──────── RECORDS FOR THE TASK ────────

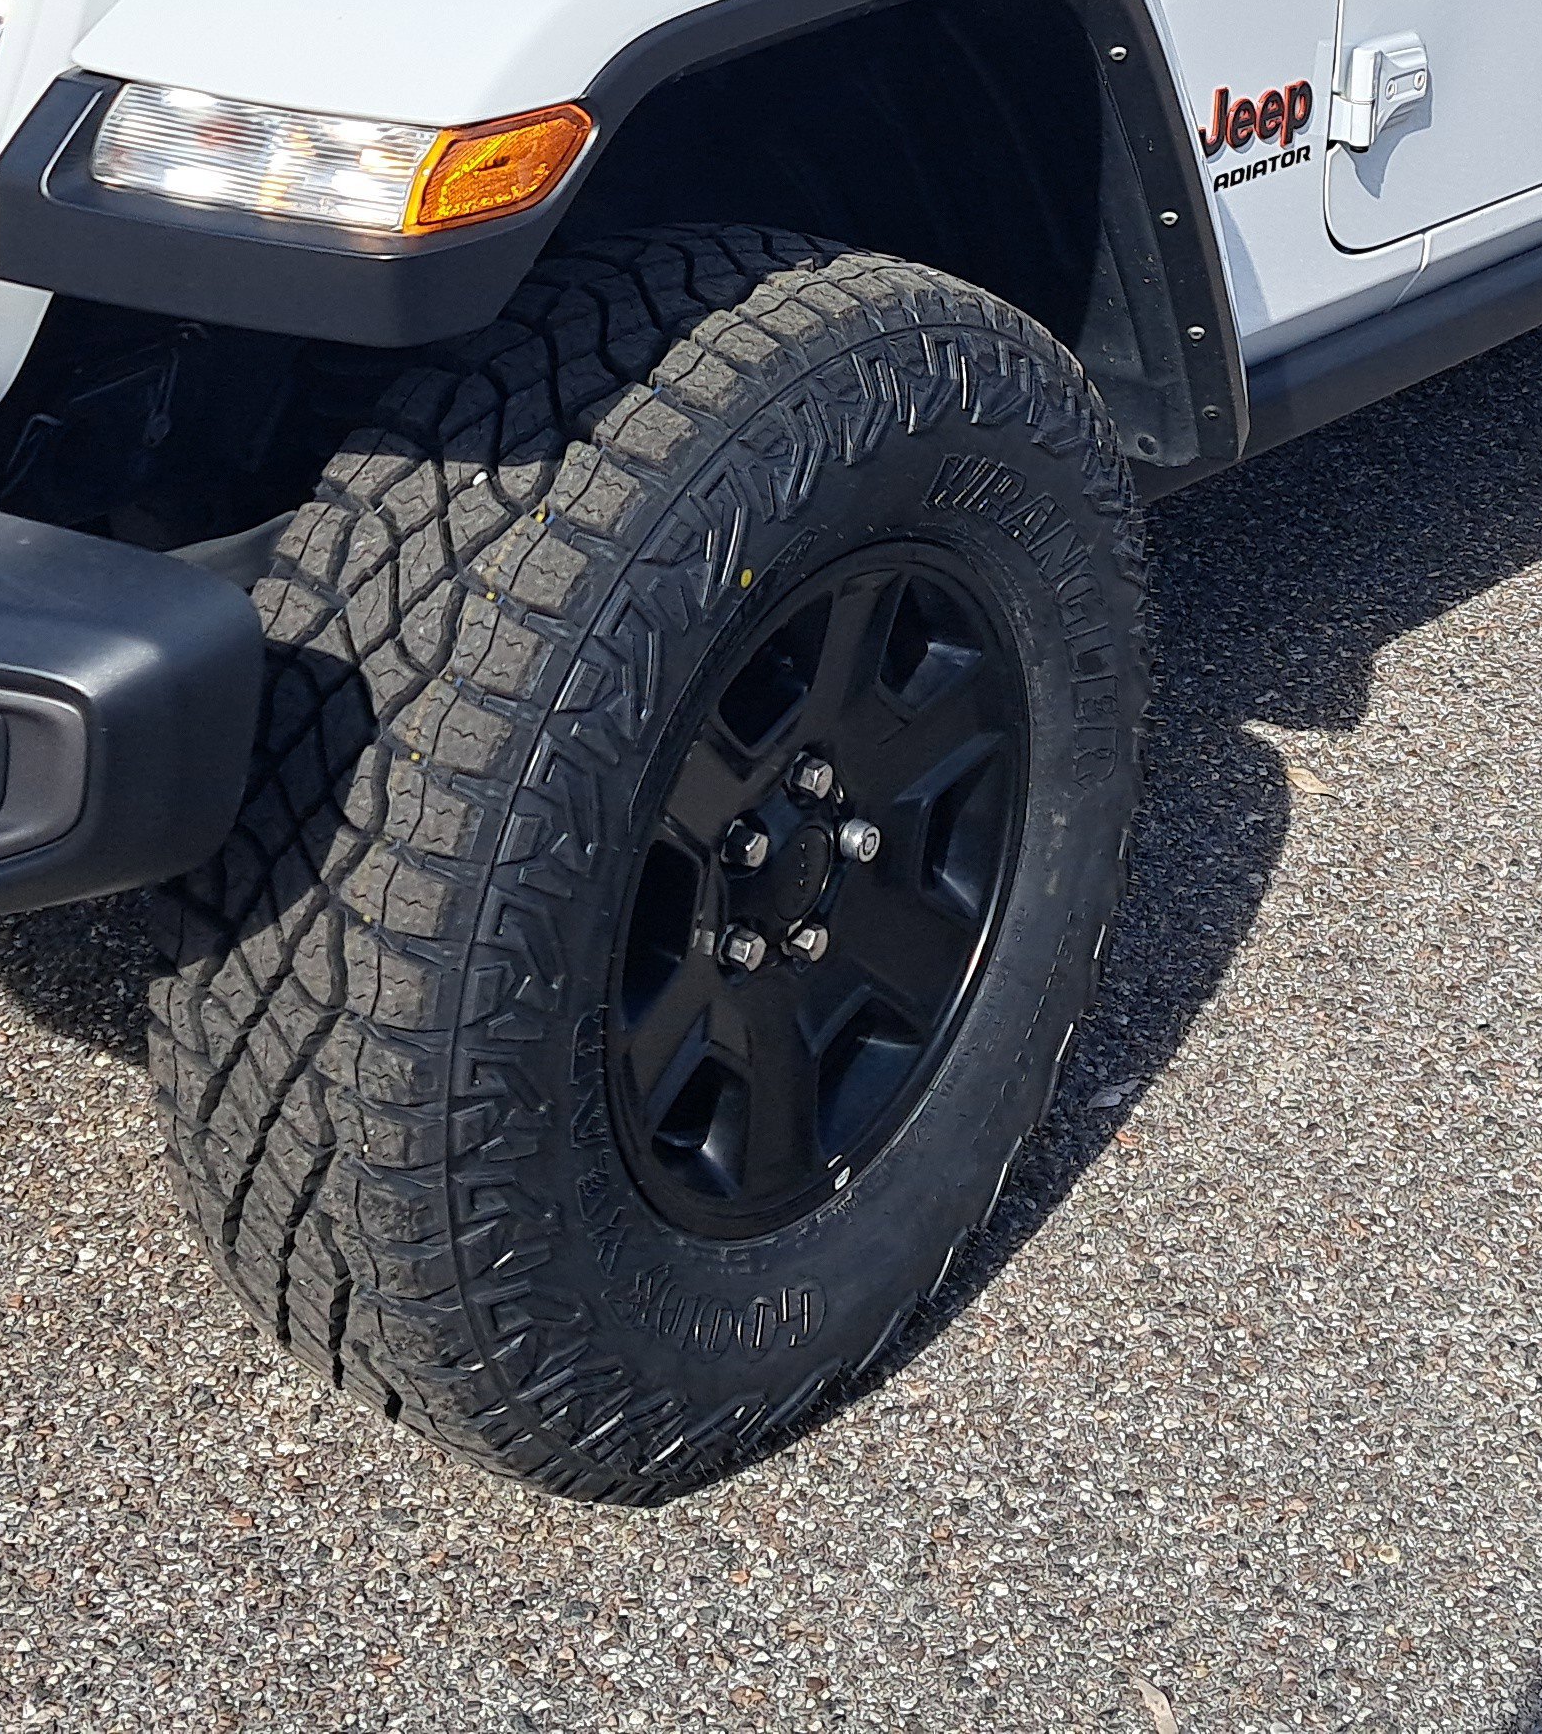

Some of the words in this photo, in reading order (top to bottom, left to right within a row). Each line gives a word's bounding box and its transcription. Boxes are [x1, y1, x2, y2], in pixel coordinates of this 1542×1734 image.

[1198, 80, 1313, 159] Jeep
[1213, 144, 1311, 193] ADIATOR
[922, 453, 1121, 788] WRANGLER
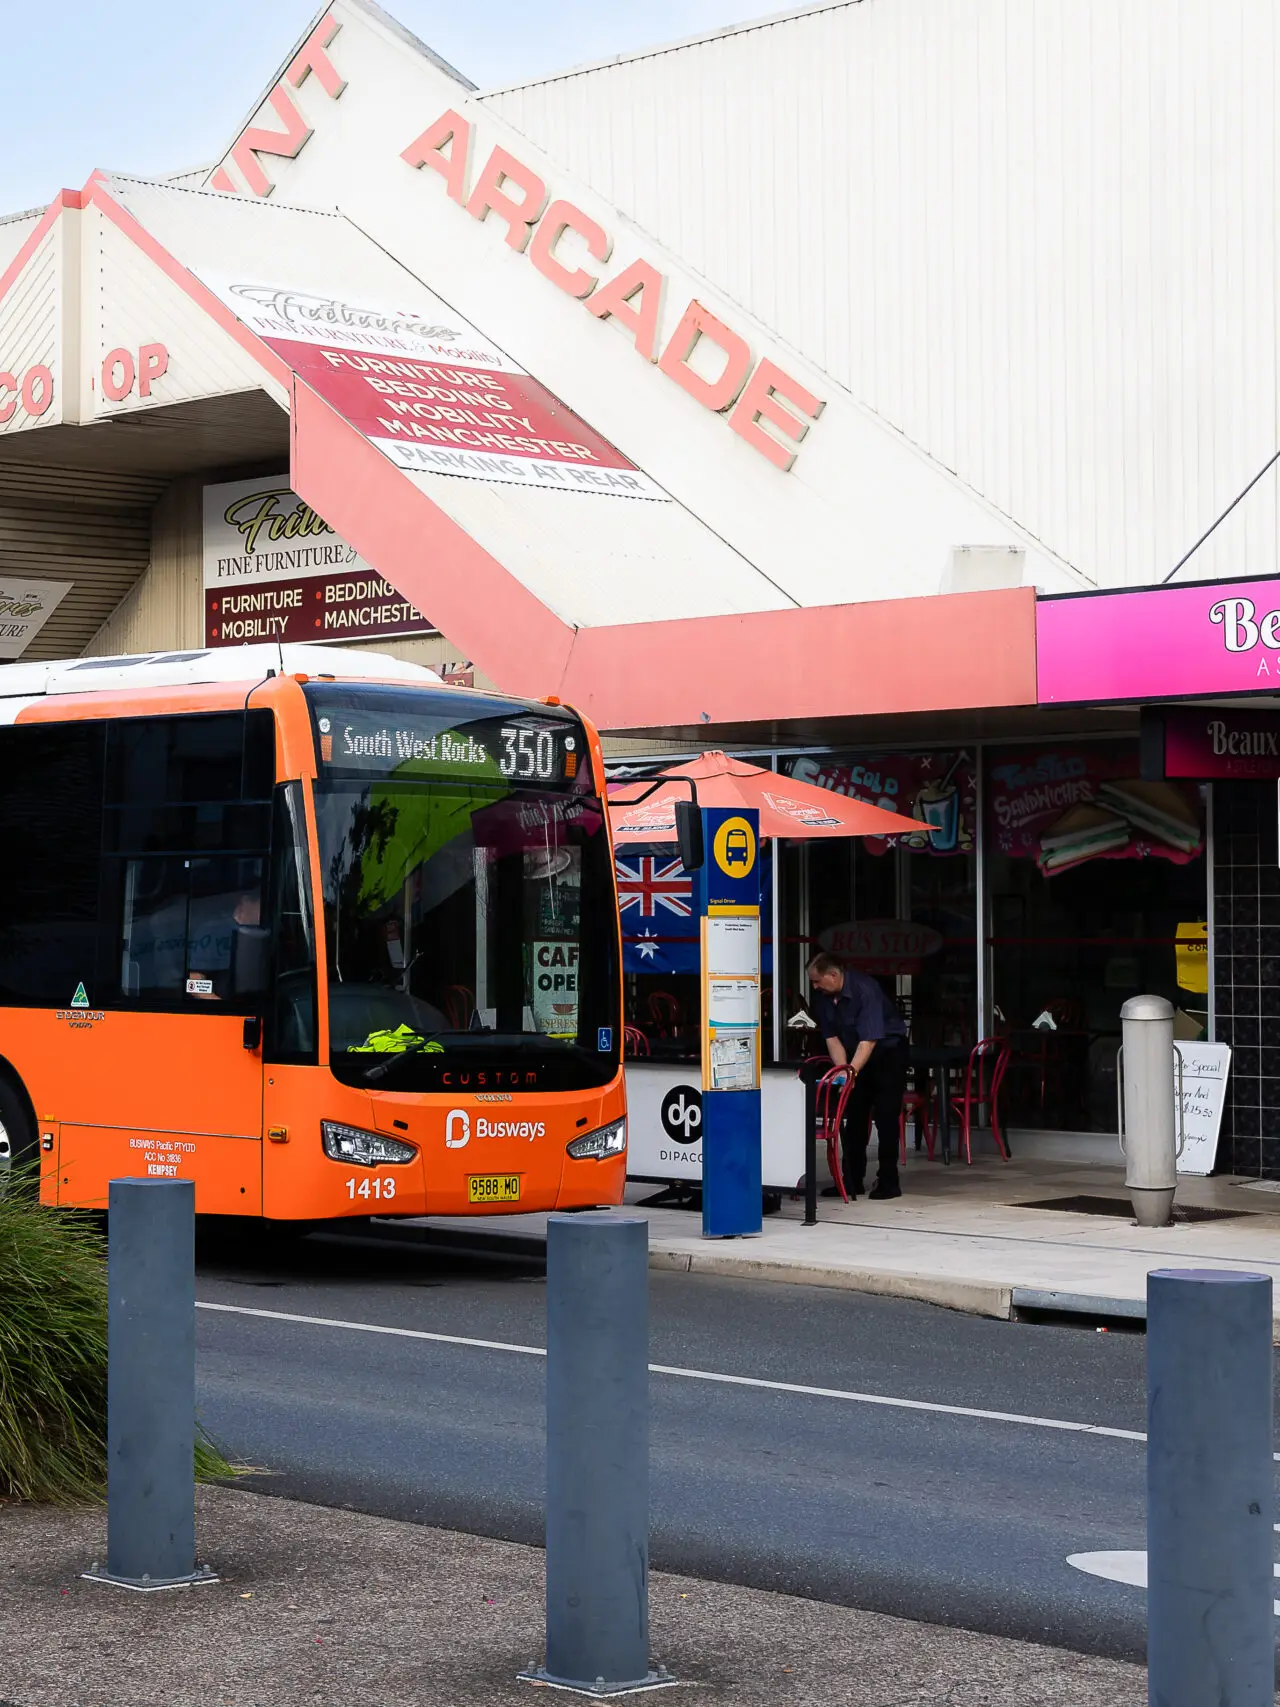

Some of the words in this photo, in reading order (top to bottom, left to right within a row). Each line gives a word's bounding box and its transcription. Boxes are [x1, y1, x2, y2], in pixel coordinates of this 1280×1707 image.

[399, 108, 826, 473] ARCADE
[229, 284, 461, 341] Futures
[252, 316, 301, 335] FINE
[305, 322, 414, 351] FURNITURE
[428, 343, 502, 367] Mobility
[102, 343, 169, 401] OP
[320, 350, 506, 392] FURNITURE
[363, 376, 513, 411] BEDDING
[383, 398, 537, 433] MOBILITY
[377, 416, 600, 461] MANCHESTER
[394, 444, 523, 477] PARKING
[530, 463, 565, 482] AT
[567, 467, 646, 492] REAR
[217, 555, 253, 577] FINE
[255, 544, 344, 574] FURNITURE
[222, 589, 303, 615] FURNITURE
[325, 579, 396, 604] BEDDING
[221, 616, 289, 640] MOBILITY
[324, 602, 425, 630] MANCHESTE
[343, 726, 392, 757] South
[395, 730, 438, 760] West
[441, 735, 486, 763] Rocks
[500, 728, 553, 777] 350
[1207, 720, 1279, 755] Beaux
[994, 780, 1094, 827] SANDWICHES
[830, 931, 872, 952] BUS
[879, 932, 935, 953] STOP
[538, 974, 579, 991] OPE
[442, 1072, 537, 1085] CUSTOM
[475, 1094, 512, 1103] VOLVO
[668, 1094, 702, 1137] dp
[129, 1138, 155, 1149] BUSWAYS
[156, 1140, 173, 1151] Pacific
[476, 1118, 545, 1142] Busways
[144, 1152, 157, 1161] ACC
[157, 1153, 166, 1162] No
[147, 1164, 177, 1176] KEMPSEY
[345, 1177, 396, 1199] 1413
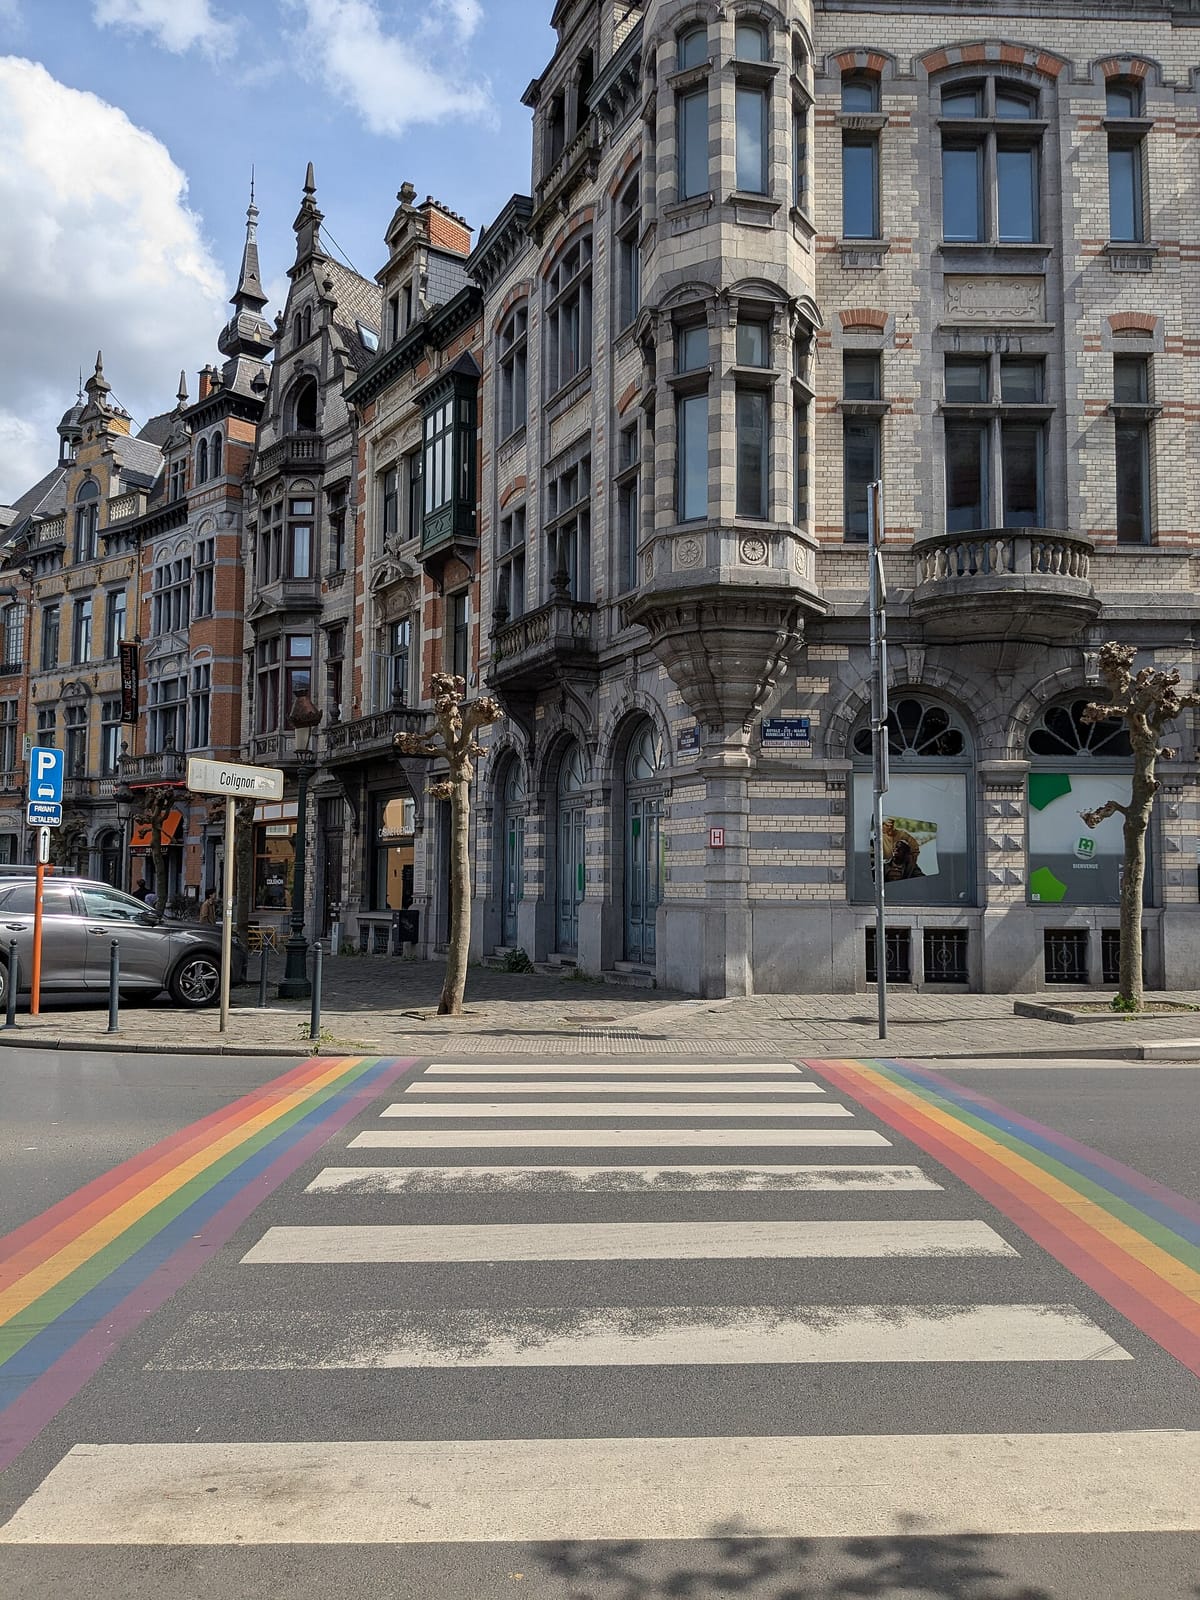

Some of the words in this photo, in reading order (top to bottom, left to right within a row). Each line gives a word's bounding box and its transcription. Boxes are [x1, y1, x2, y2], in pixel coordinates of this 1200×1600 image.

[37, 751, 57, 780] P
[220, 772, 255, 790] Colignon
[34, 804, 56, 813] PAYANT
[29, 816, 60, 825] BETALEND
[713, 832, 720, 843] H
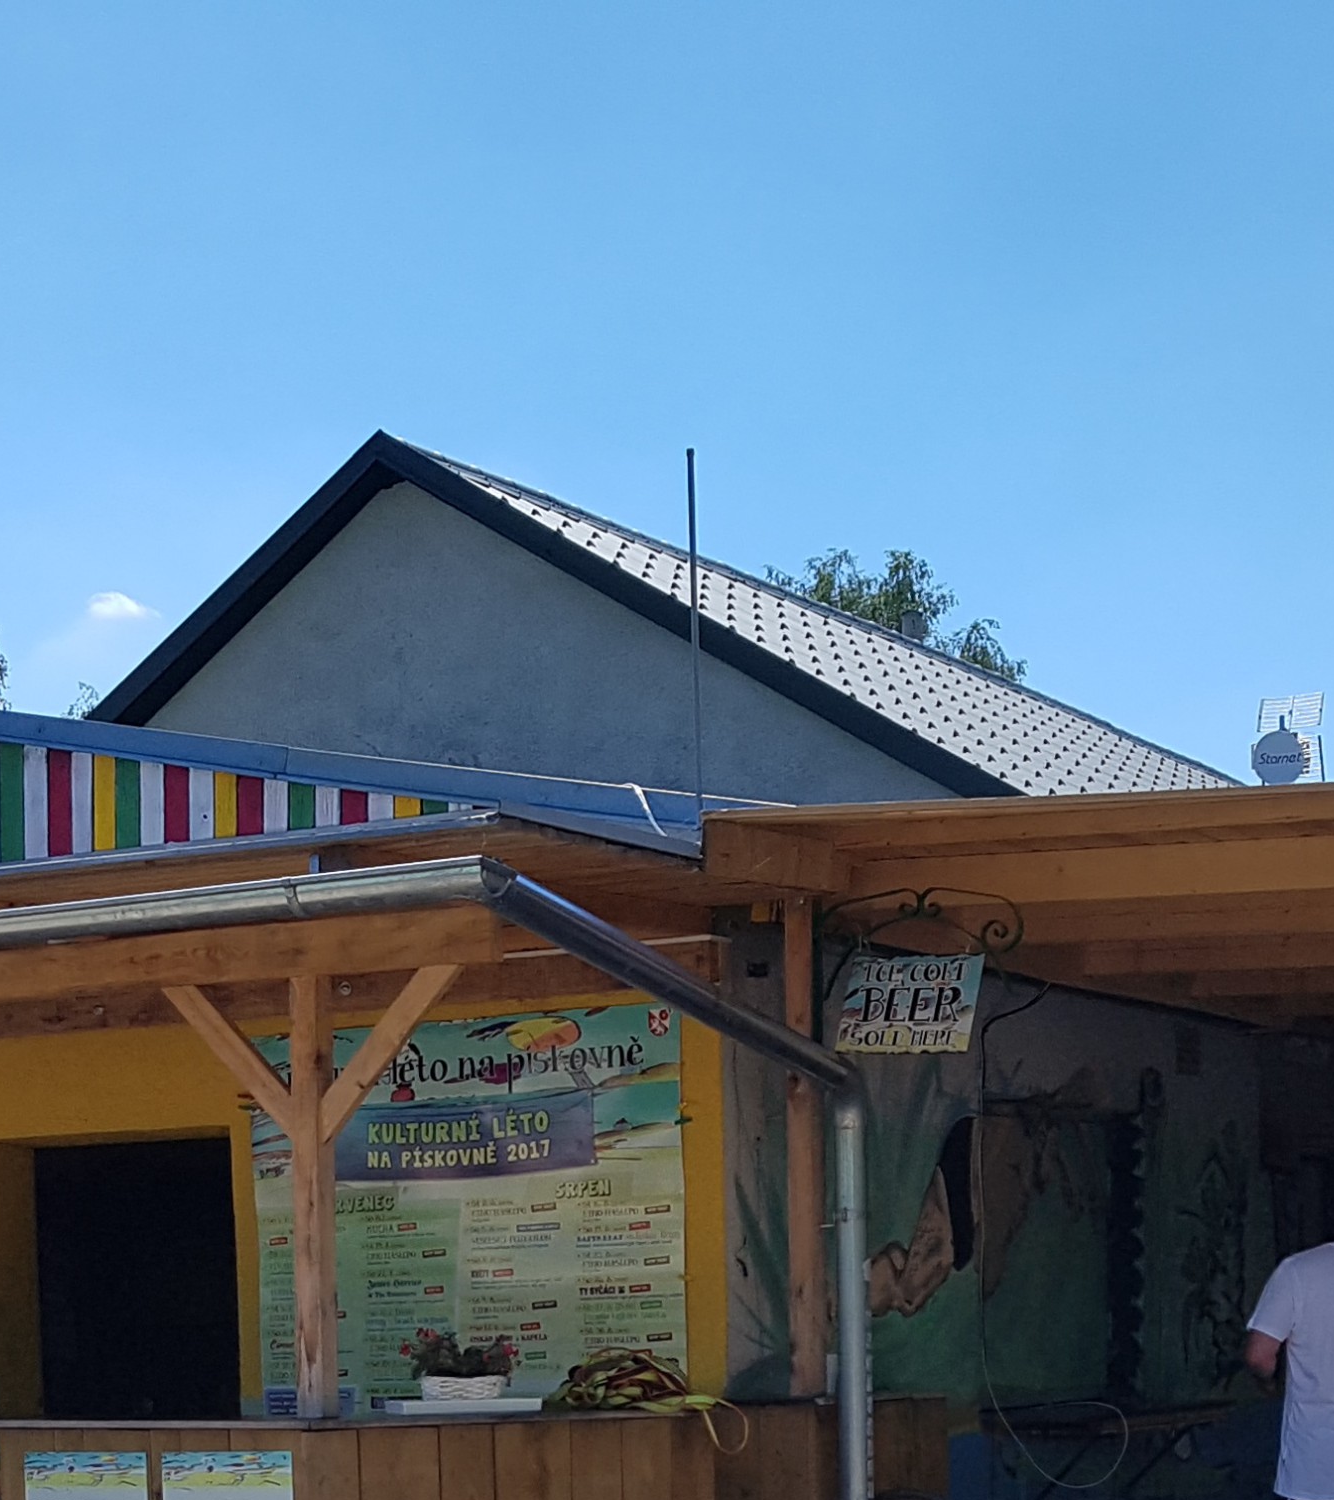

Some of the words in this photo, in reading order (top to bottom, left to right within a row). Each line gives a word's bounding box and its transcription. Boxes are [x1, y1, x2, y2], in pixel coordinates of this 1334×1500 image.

────────

**WHAT TO PRODUCE**
Copy the data precisely. Skip every picture.

**RESULT OF THE EXERCISE**
Some of the words in this photo, in reading order (top to bottom, left to right within a row). Each line gives a word's bounding box and its transcription. Boxes are [x1, y1, x2, y2], in pixel coordinates of this 1542×1734 image.

[1198, 80, 1313, 159] Jeep
[1213, 144, 1311, 193] ADIATOR
[922, 453, 1121, 788] WRANGLER

Some of the words in this photo, in reading order (top to bottom, left to right within a row). Each line gives a word's bounding box and its transcription. Boxes are [x1, y1, x2, y2], in pixel coordinates of this 1280×1707 image.

[399, 108, 826, 473] ARCADE
[229, 284, 461, 341] Futures
[252, 316, 301, 335] FINE
[305, 322, 414, 351] FURNITURE
[428, 343, 502, 367] Mobility
[102, 343, 169, 401] OP
[320, 350, 506, 392] FURNITURE
[363, 376, 513, 411] BEDDING
[383, 398, 537, 433] MOBILITY
[377, 416, 600, 461] MANCHESTER
[394, 444, 523, 477] PARKING
[530, 463, 565, 482] AT
[567, 467, 646, 492] REAR
[217, 555, 253, 577] FINE
[255, 544, 344, 574] FURNITURE
[222, 589, 303, 615] FURNITURE
[325, 579, 396, 604] BEDDING
[221, 616, 289, 640] MOBILITY
[324, 602, 425, 630] MANCHESTE
[343, 726, 392, 757] South
[395, 730, 438, 760] West
[441, 735, 486, 763] Rocks
[500, 728, 553, 777] 350
[1207, 720, 1279, 755] Beaux
[994, 780, 1094, 827] SANDWICHES
[830, 931, 872, 952] BUS
[879, 932, 935, 953] STOP
[538, 974, 579, 991] OPE
[442, 1072, 537, 1085] CUSTOM
[475, 1094, 512, 1103] VOLVO
[668, 1094, 702, 1137] dp
[129, 1138, 155, 1149] BUSWAYS
[156, 1140, 173, 1151] Pacific
[476, 1118, 545, 1142] Busways
[144, 1152, 157, 1161] ACC
[157, 1153, 166, 1162] No
[147, 1164, 177, 1176] KEMPSEY
[345, 1177, 396, 1199] 1413

Some of the words in this photo, in reading order (top to bottom, left to right within a row). Each line gives a word's bounding box and its transcription. Boxes are [x1, y1, x2, y2], in pixel coordinates of this 1200×1600 image.

[37, 751, 57, 780] P
[220, 772, 255, 790] Colignon
[34, 804, 56, 813] PAYANT
[29, 816, 60, 825] BETALEND
[713, 832, 720, 843] H

Some of the words in this photo, in reading order (top to bottom, left to right within a row). Each line gives a word's bounding box and its transcription. Boxes are [x1, y1, x2, y2], in pixel coordinates of this 1334×1500 image.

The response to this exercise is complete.